Durch Wildnis mild dein Strahl zu Menschen kam
Wie Stille uns davonträgt
Pforte im Frauenmuseum | Konzert & Ausstelllung: Sa 27. September, 19 Uhr im
Frauenmuseum Hittisau
Programm
Werke von Marin Marais (1656–1728)
& Monsieur de Sainte-Colombe (1640–1700)
Ausführende
Christoph Urbanetz Viola da Gamba
Réka Nagy Viola da Gamba
Thomas Boysen Theorbe
Johannes Hämmerle Cembalo, Leitung
Der Ton(fall) macht die Musik
Das fünfte Abonnementkonzert stellt Marin Marais in den Mittelpunkt, einen der gefeiertsten Gambenvirtuo- sen und -komponisten aller Zeiten, und möchte die besondere Beziehung von Sprache und Musik in seinem Schaffen beleuchten. Stücke wie "Les voix humaines" ("Die menschlichen Stimmen") scheinen Marais’ musikalisches Programm schlechthin zu verkörpern: Instrument und Stimme, Musik und Sprache, Spiel und Gespräch fließen ineinander, werden zur Einheit, werden zum Synonym.

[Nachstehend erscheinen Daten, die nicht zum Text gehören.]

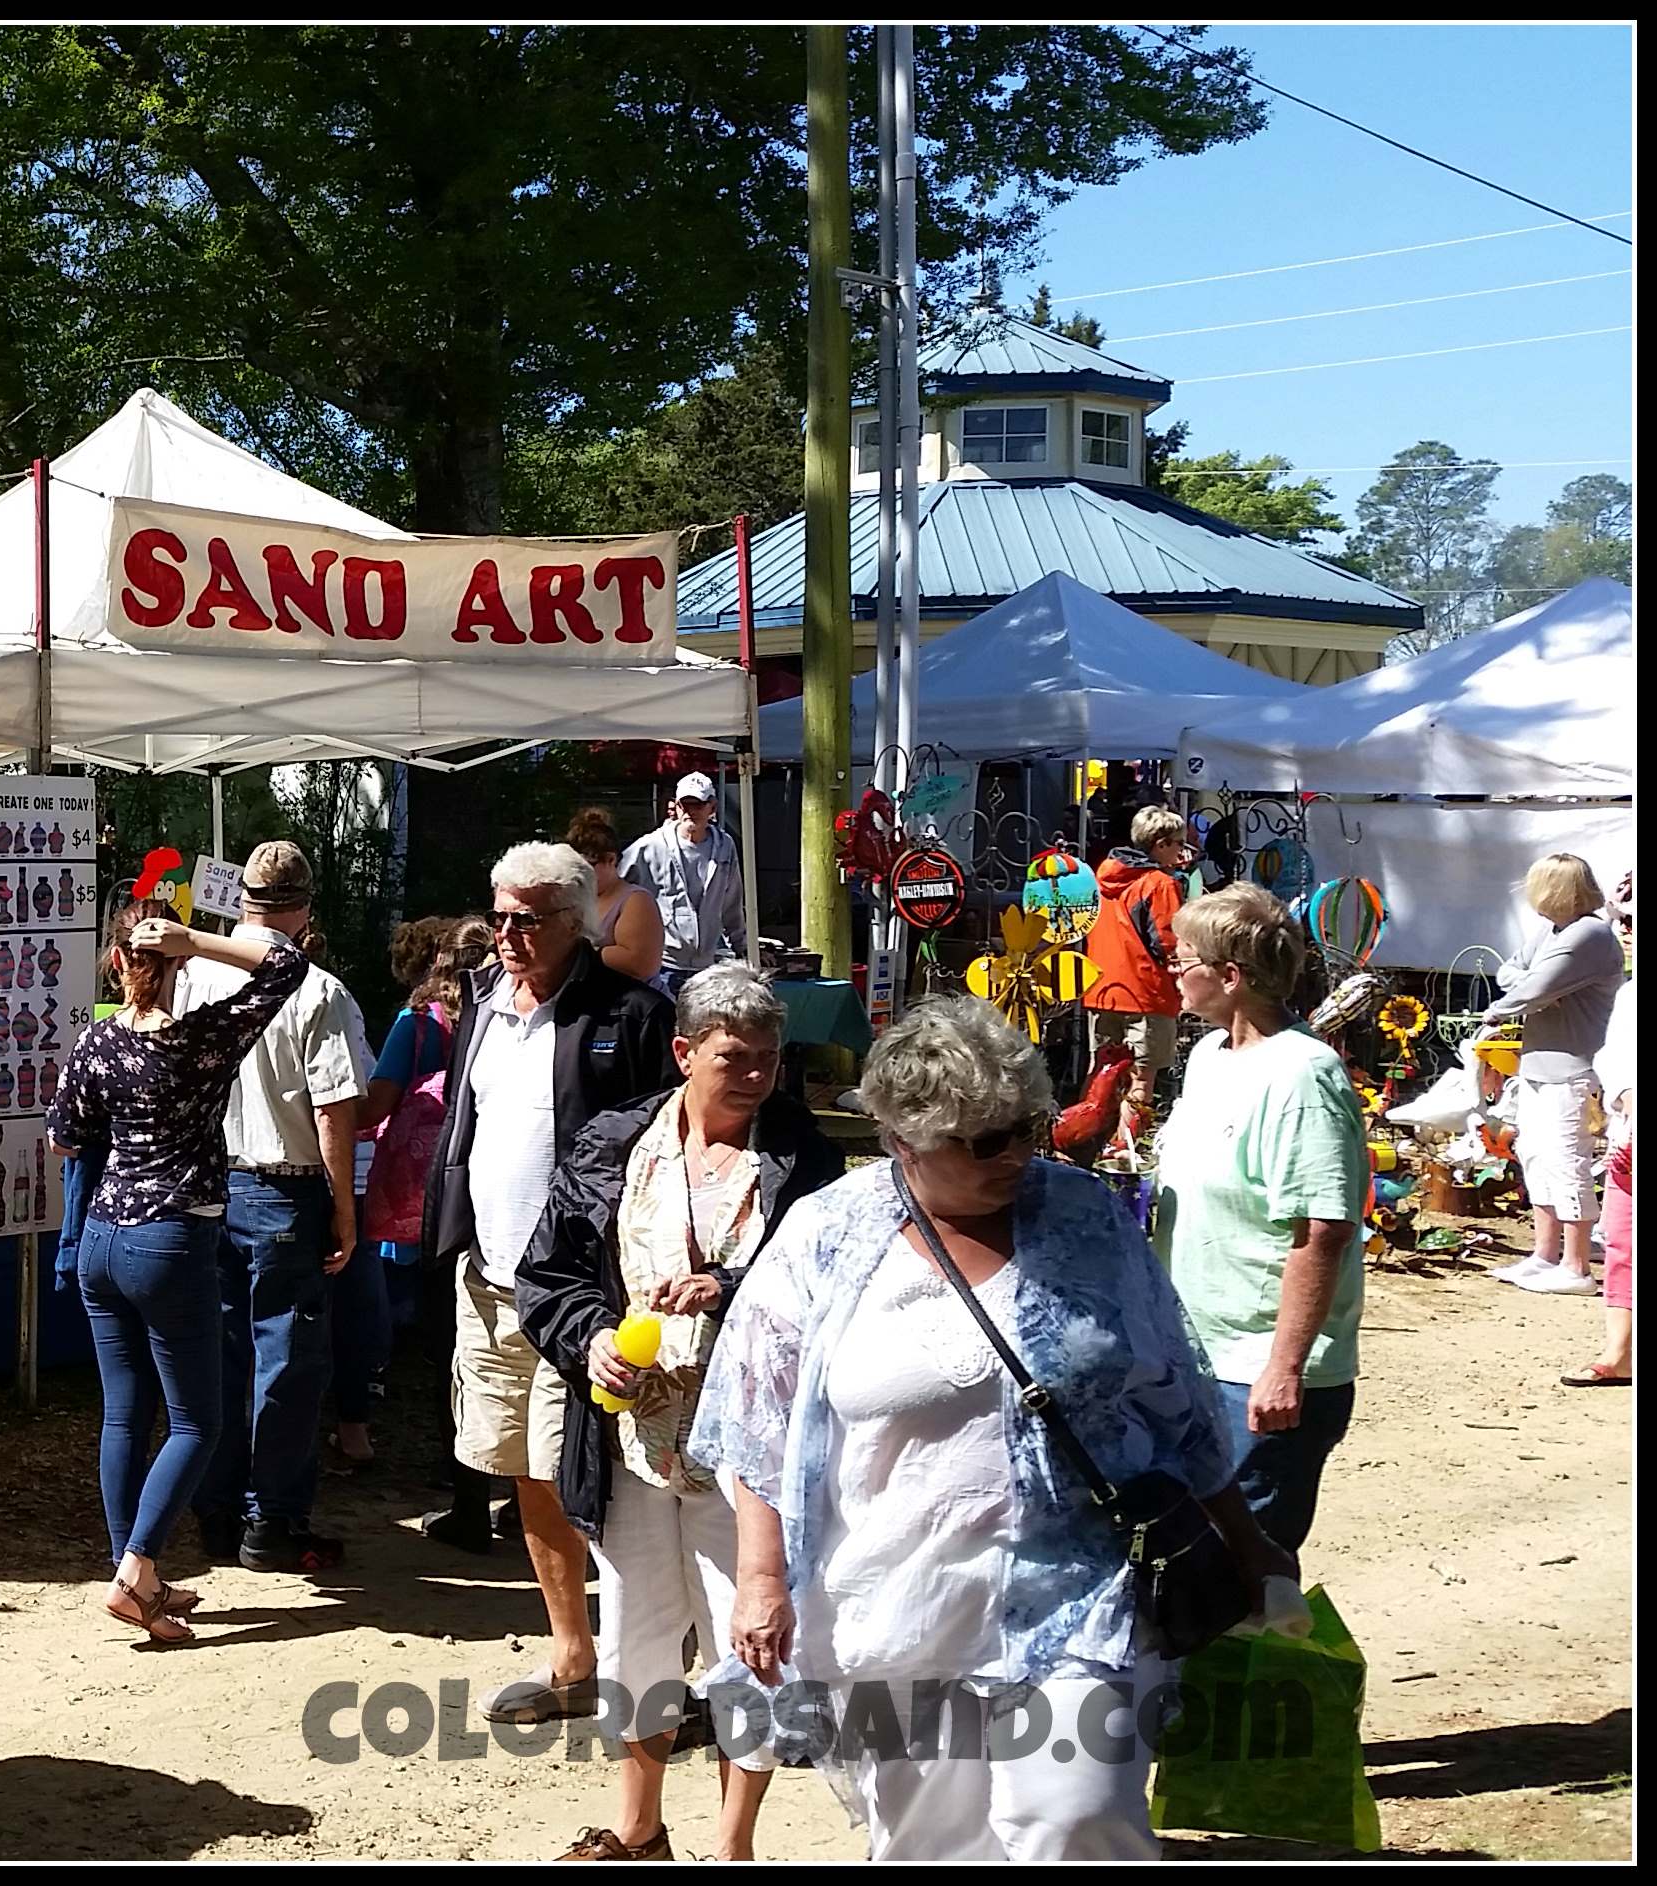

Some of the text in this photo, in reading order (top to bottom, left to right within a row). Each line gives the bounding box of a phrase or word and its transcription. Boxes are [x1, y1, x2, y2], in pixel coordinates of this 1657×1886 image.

Marais erlernte das Gambenspiel schon sehr früh und dürfte darin eine Art zweite Muttersprache gefunden haben. Als Sechzehnjähriger kam er in die Obhut des berühmten Monsieur de Sainte-Colombe und trat damit in eine ganz besondere Lehrer-Schüler-Beziehung ein. Als Sainte-Colombe nach nur sechs Monaten erkannte, dass er wohl schon bald von seinem hochbegabten Zögling übertroffen würde, brach er kurzerhand den Unterricht ab. Doch Marais ließ sich so leicht nicht abweisen: Um seine musikalische Muttersprache zu verfeinern, begab er sich in die Rolle eines eifrigen Zuhörers. Zeitgenössische Berichte schildern, dass Marais heimlich unter die Bodenbretter kroch, um dem Meister beim Spielen zuzuhören und noch weitere Feinheiten beim Spiel auf der Gambe zu erlernen.
Sein weiterer Weg führte Marais ins Zentrum des Pariser Musiklebens. Er wurde zum Opernkomponisten wie auch zum Geschichtenerzähler in der Instrumentalmusik, wenn er seine Erfahrungen mit dem Theatralischen in immer bilderreichere Charakterstücke einarbeitete. Zugleich aber war in Paris die französische Musiksprache durch den Einfluss der Italiener besonders harten Prüfungen unterworfen und in diesem Spannungsfeld schlugen Komponisten sehr unterschiedliche Wege ein: Viele bedienten sich gerne und erfolgreich der typisch italienischen Effekte, um durch die Vermischung der Stile ihrer Musik eine besondere Würze zu verleihen.
Nicht so hingegen Marin Marais, der sich klar an die Seite der Traditionalisten stellte. Seine musikalische Sprache blieb französisch und sein Instrument die Gambe, das vielleicht französischste aller Instrumente. Es ist wohl Marais’ intensives Bemühen um die Wahrung und Entwicklung seiner musikalischen Muttersprache, verstärkt durch die Auseinandersetzungen zwischen den Nationalstilen, wodurch seine Musik ihr ganz besonderes Gesicht erhalten hat. Trotz der traditionellen Formtypen in "klassischen" Suiten und deren programmatischen Inhalte in den Charakterstücken lässt sie sich anhand äußerlicher Merkmale mitunter schwer erschließen. Vielmehr scheinen alle Affekte und Bilder aus inneren Prozessen heraus zu wachsen, aus einer Art Gespräch, welches sich in der Musik vollzieht. Genau wie im Gespräch zählt dabei bei weitem nicht nur das Inhaltliche, also nicht nur das Was, sondern auch das Wie. Es kommt auf den Tonfall an, auf die Aus- sagen zwischen den Zeilen, auf die Denkpausen, auf das Atemholen. Darin liegt die besondere Faszination und Herausforderung, wenn wir die Werke von Marais zum Klingen bringen wollen: Wir müssen uns ganz in die Situation des musikalischen Gesprächs hineinbegeben, wissend, dass sich dieses Gespräch immer anders entwickeln wird. Damit entzieht sich Marais’ Musik dem Objektiven, sie will aus der Haltung des Gespräch-Seins ständig neu entstehen.